Deductibility of Charitable Contributions
A charitable contribution is a gift made to religious, charitable, educational, or other philanthropic organizations. Charitable contributions can be made by both individuals and corporations. If the contributions are to a qualified domestic organization, then they are deductible. Direct contributions to foreign charities are not deductible, but contributions to domestic organizations that disperse the contributions to foreign organizations are deductible. However, direct contributions to certain charities in Canada, Mexico, or Israel are deductible to a certain extent.
The tax objective of allowing charitable contributions is to support various services that are socially desirable, allowing taxpayers to provide greater support for these services than the government is providing, such as helping the poor or supporting religious organizations. Because the United States Constitution's requirement for the separation of church and state, governments of the United States cannot provide direct support to religions, so they provide indirect support by allowing contributions to religious organizations to be deducted from taxes.
A gift is characterized by the intention of giving the gift by the donor, acceptance by the donee, and the absence of consideration for the gift. The charitable contribution is only deductible if the gift was made through disinterested generosity as the courts have defined it over the years. A donor who receives a tangible benefit from the gift can only deduct the excess value of the contribution over the benefit.
Example: you pay $25 to see a movie in which the proceeds are paid to a charitable organization. Since movies typically cost $10, you can only deduct $25 – $10 = $15.

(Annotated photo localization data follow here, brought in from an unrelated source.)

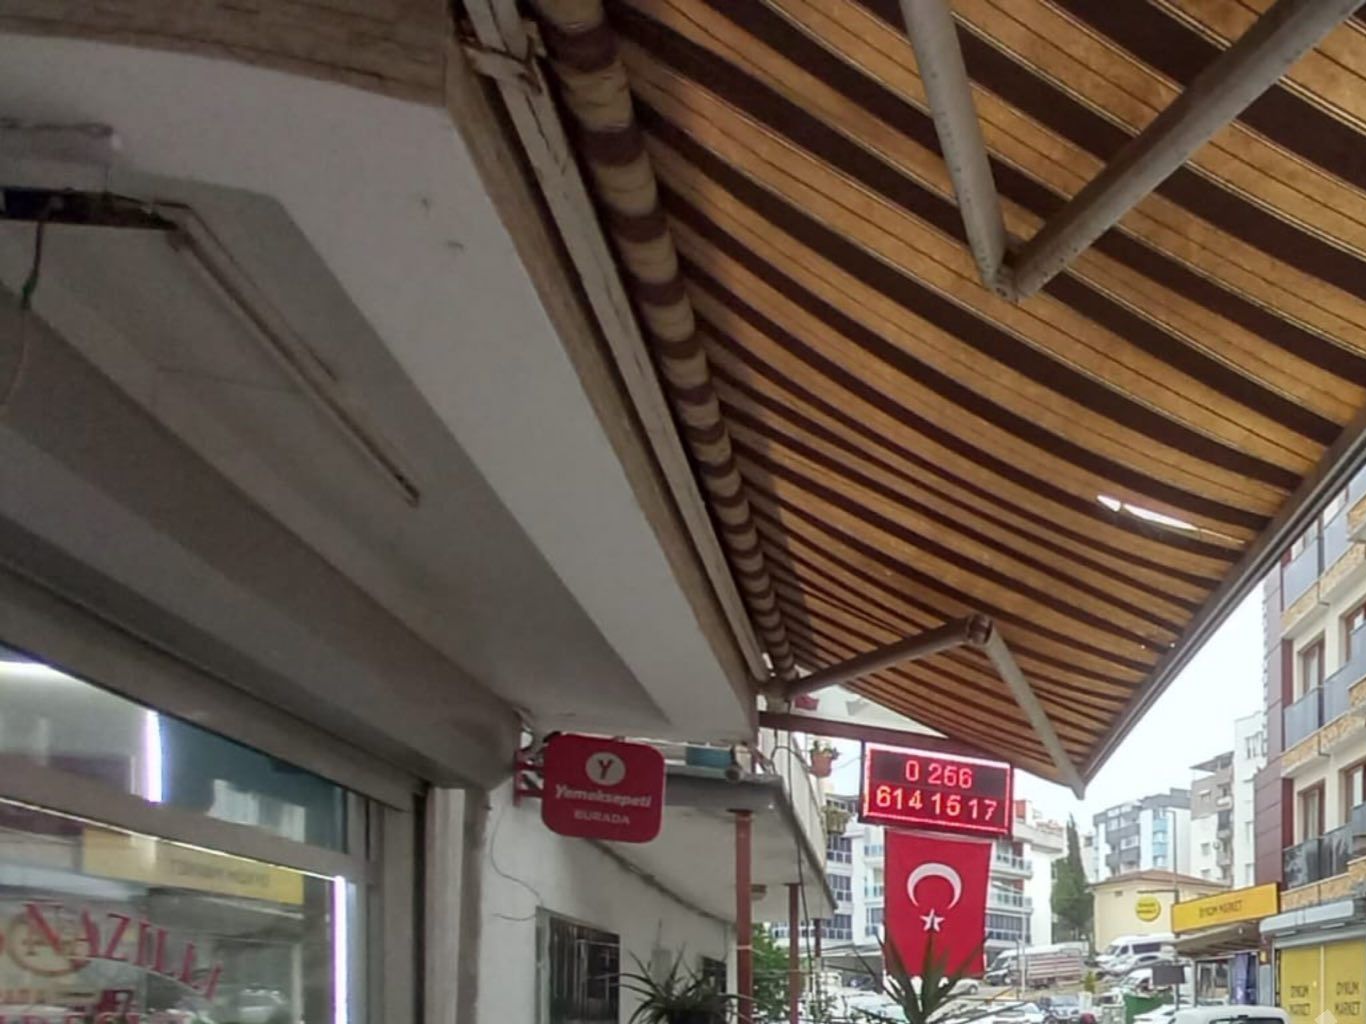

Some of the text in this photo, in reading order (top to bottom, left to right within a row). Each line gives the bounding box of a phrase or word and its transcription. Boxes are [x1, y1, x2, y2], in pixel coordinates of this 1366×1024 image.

[905, 760, 919, 781] 0
[876, 785, 923, 811] 614
[968, 798, 997, 821] 17
[574, 809, 631, 825] BURADA
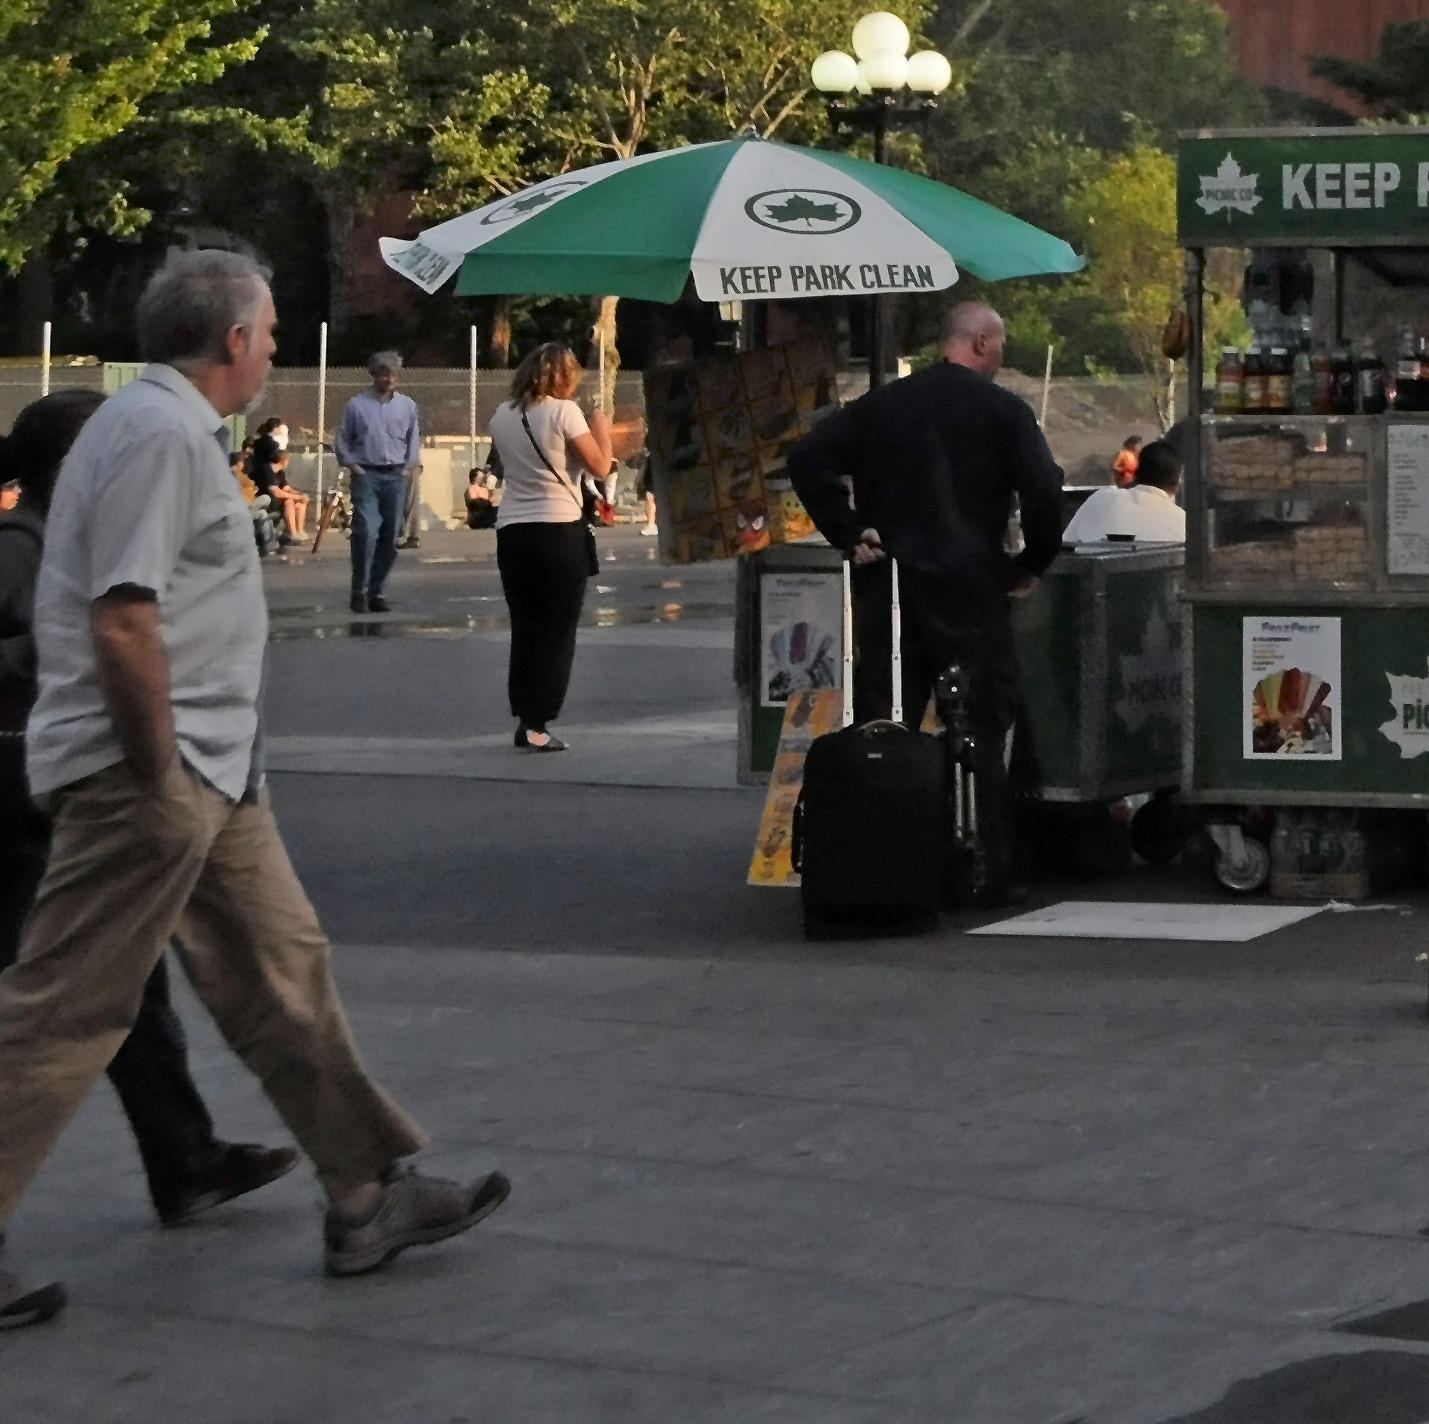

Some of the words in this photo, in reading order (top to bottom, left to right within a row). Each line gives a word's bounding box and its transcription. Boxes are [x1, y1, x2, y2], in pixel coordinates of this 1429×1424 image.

[1282, 162, 1401, 209] KEEP
[719, 265, 782, 295] KEEP
[789, 264, 855, 292] PARK
[859, 263, 936, 289] CLEAN

However, if the donor receives only a token benefit, then the charitable gift is fully deductible if the following 3 conditions are true:
- the value of the gift is insubstantial,
- the qualified organization receiving the gift correctly determines that the benefit has little value, and
- the donee informs the taxpayer that the charitable contribution is fully deductible in spite of the benefit received.
However, IRC §170(l) provides an exception for the purchase of athletic tickets from colleges or universities, which allows 80% of the amount paid to be deductible as a charitable contribution. However, if the donor receives tickets in exchange for the donation, then the portion that is deductible is limited to 80% of the amount donated minus the value of the tickets.

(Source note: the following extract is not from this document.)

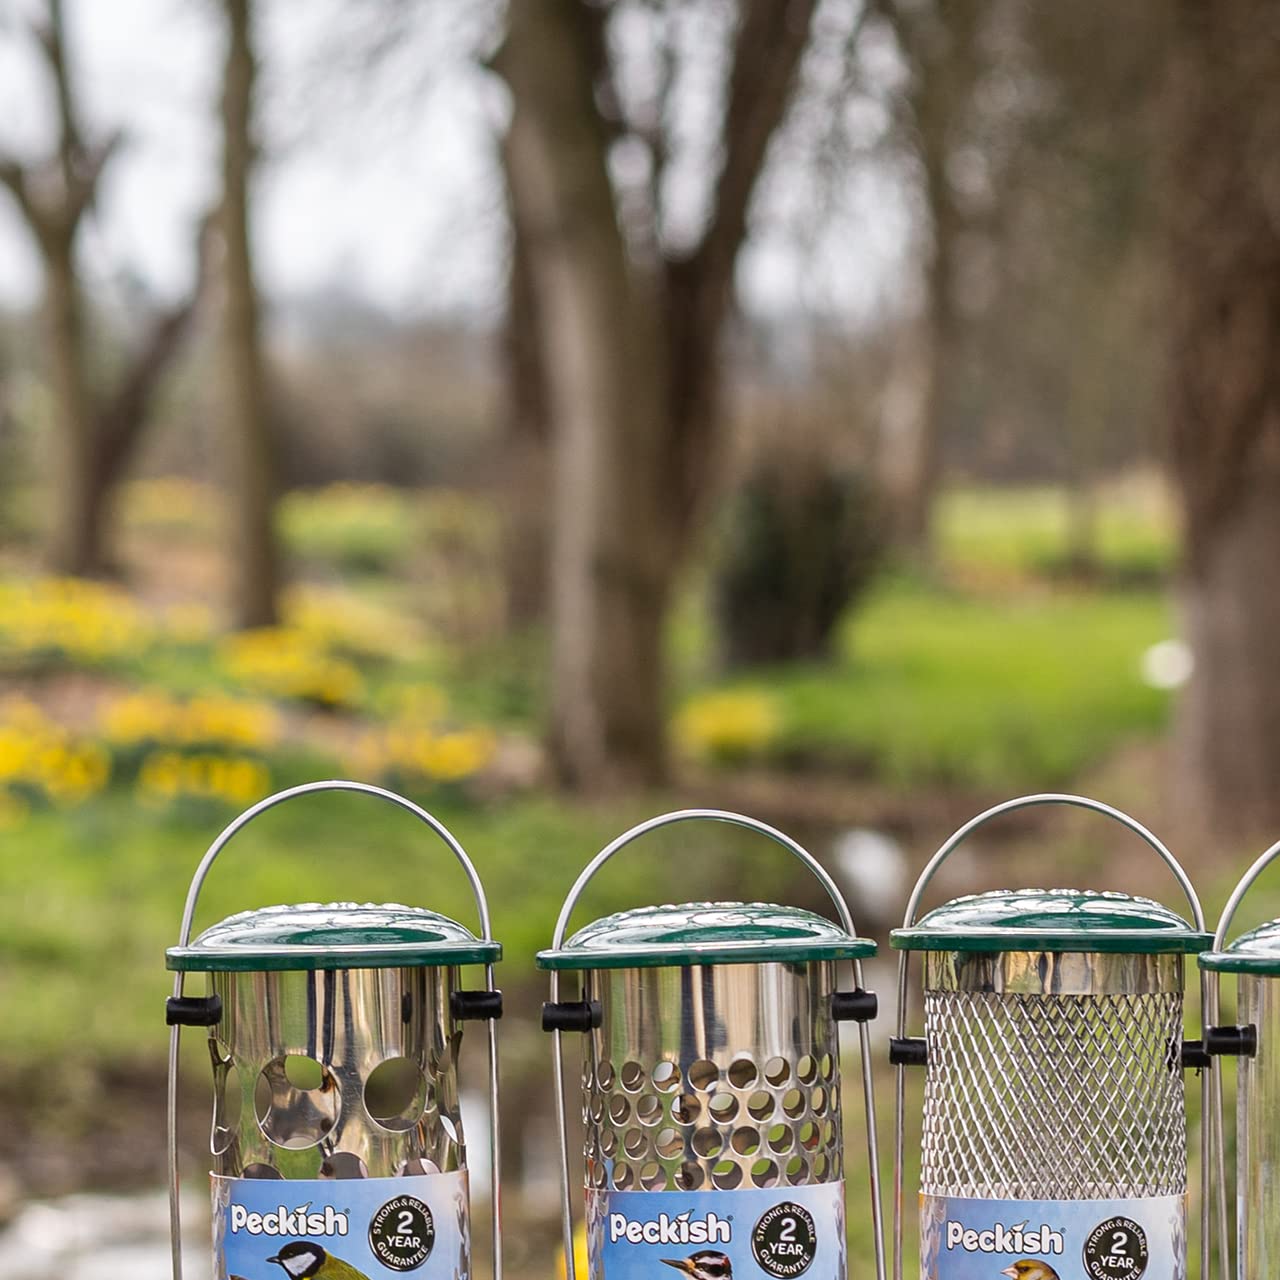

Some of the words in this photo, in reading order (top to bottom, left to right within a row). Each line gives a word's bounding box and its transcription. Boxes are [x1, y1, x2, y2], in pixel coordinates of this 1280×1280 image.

Contributions of services are generally not deductible. However, incidental expenses in providing the services are deductible. If travel is involved, then the donor can deduct the standard mileage rate of $.14 per mile. Additionally, out-of-pocket costs for transportation, lodging, and the cost of meals while away from home to perform the services are deductible, unless the travel involves a significant amount of recreation or pleasure.
There are certain items that are not deductible, including the following:
- rental value of property usage used by the charity;
- the cost of raffle, bingo, or lottery tickets;
- dues and fees paid to such organizations as country clubs, fraternal orders, and lodges;
- blood given to a blood bank;
- donations to homeowners associations;
- cost of tuition for education, especially if provided by religious organizations.

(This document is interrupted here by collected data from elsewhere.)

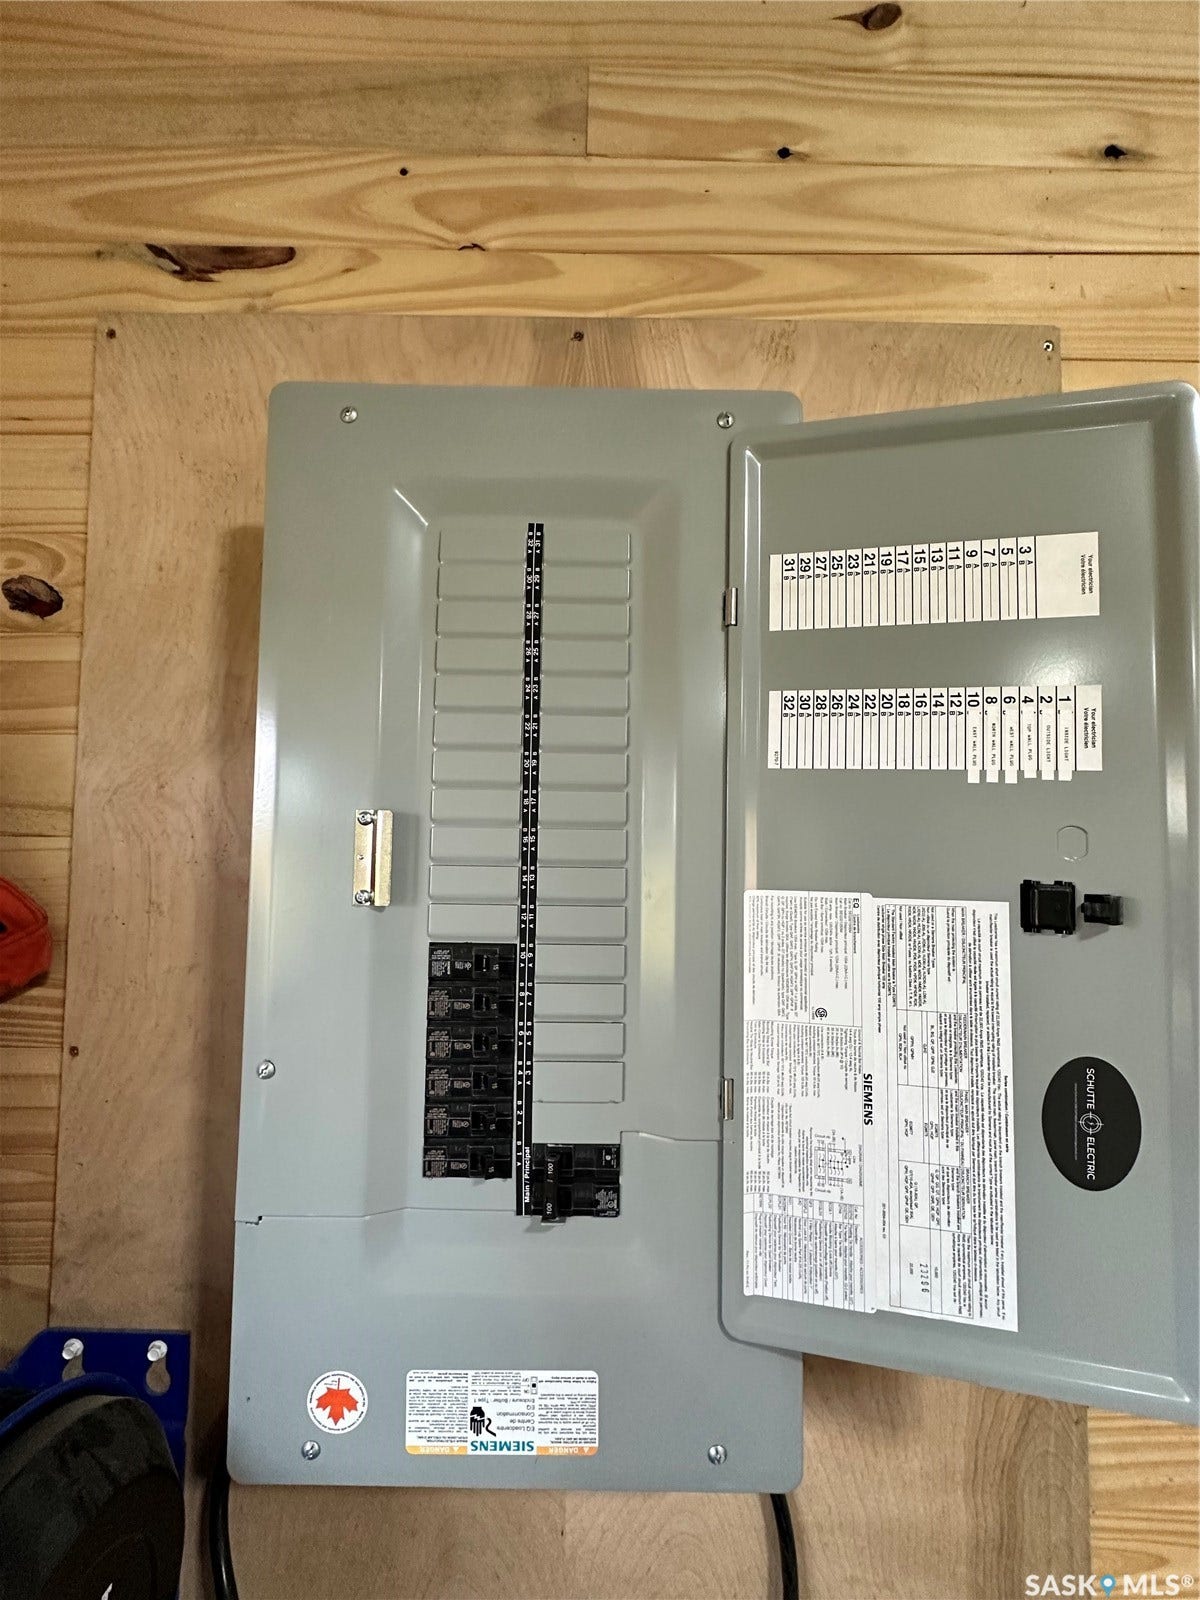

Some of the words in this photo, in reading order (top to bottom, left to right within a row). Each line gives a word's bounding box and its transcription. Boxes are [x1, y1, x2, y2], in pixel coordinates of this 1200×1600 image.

[898, 550, 908, 564] 17
[914, 550, 926, 564] 15
[932, 548, 943, 562] 13
[949, 547, 960, 560] 11
[1020, 546, 1031, 554] 3
[784, 559, 795, 571] 31
[800, 558, 811, 572] 29
[816, 557, 826, 571] 27
[832, 556, 843, 570] 25
[848, 554, 859, 569] 23
[865, 554, 875, 566] 21
[881, 552, 892, 566] 19
[784, 696, 794, 710] 32
[800, 696, 810, 710] 30
[816, 696, 826, 710] 28
[832, 695, 843, 710] 26
[848, 695, 859, 709] 24
[865, 695, 876, 709] 22
[882, 694, 893, 709] 20
[898, 694, 910, 708] 18
[916, 693, 927, 708] 16
[933, 693, 944, 708] 14
[950, 692, 962, 707] 12
[968, 692, 980, 707] 10
[986, 696, 997, 704] 8
[1004, 696, 1016, 704] 6
[1022, 696, 1034, 704] 4
[853, 898, 859, 908] EQ
[1086, 1068, 1095, 1109] SCHUTTE
[864, 1073, 873, 1125] SIEMENS
[1087, 1137, 1095, 1180] ELECTRIC
[470, 1441, 534, 1452] SIEMENS

To be deductible, the charitable contribution must be made to a qualified organization, which includes the following:
- a State or possession of the United States or any of its subdivisions;
- veterans' organizations;
- fraternal organization operating under the lodge system;
- cemetery companies;
- corporation, trust, or community chest fund or foundation located in the United States and organized and operated exclusively for religious, charitable, scientific, literary, or educational purposes or for the prevention of cruelty to children or animals;
- other organizations listed in IRC §501(c).
An organization must apply for and receive the tax-exempt status under IRC §501, and this list is published periodically as IRS Publication 78. However, not every qualified organization is listed in this document. The IRS also provides the Exempt Organization Select Check, which is a search tool to find or verify qualified charities. Because charitable contributions can only be deducted if made to a qualified organization, contributions to individuals are not deductible. Qualified charitable organizations must file Form 990, Return of Organization Exempt From Income Tax annually.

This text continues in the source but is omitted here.